WORK REQUEST
Every entry needs to be written out again exactly.

STORED DATA

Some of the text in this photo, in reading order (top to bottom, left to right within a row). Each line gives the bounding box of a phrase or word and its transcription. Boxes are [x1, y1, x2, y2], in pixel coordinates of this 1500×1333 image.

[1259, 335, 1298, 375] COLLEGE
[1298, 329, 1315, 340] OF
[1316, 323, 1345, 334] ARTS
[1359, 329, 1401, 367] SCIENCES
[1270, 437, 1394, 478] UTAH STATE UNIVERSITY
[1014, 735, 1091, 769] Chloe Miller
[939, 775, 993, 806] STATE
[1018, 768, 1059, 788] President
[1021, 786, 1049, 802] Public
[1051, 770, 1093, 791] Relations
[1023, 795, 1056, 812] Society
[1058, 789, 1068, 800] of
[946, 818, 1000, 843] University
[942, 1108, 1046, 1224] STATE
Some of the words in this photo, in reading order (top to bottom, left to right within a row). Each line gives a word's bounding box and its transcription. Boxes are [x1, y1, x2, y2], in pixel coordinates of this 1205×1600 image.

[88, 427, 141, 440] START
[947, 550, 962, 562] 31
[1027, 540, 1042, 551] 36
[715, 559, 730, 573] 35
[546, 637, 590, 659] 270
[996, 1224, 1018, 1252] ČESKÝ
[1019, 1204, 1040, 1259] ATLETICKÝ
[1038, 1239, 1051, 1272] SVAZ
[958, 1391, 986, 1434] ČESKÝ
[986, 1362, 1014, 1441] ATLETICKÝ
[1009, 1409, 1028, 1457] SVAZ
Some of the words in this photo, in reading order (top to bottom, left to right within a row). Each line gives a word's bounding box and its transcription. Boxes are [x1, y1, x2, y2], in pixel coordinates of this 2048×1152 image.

SOLUTION TO THIS TASK
Some of the text in this photo, in reading order (top to bottom, left to right within a row). Each line gives the bounding box of a phrase or word and its transcription. Boxes are [x1, y1, x2, y2], in pixel coordinates of this 1500×1333 image.

[1259, 335, 1298, 375] COLLEGE
[1298, 329, 1315, 340] OF
[1316, 323, 1345, 334] ARTS
[1359, 329, 1401, 367] SCIENCES
[1270, 437, 1394, 478] UTAH STATE UNIVERSITY
[1014, 735, 1091, 769] Chloe Miller
[939, 775, 993, 806] STATE
[1018, 768, 1059, 788] President
[1021, 786, 1049, 802] Public
[1051, 770, 1093, 791] Relations
[1023, 795, 1056, 812] Society
[1058, 789, 1068, 800] of
[946, 818, 1000, 843] University
[942, 1108, 1046, 1224] STATE
Some of the words in this photo, in reading order (top to bottom, left to right within a row). Each line gives a word's bounding box and its transcription. Boxes are [x1, y1, x2, y2], in pixel coordinates of this 1205×1600 image.

[88, 427, 141, 440] START
[947, 550, 962, 562] 31
[1027, 540, 1042, 551] 36
[715, 559, 730, 573] 35
[546, 637, 590, 659] 270
[996, 1224, 1018, 1252] ČESKÝ
[1019, 1204, 1040, 1259] ATLETICKÝ
[1038, 1239, 1051, 1272] SVAZ
[958, 1391, 986, 1434] ČESKÝ
[986, 1362, 1014, 1441] ATLETICKÝ
[1009, 1409, 1028, 1457] SVAZ
Some of the words in this photo, in reading order (top to bottom, left to right within a row). Each line gives a word's bounding box and its transcription. Boxes are [x1, y1, x2, y2], in pixel coordinates of this 2048×1152 image.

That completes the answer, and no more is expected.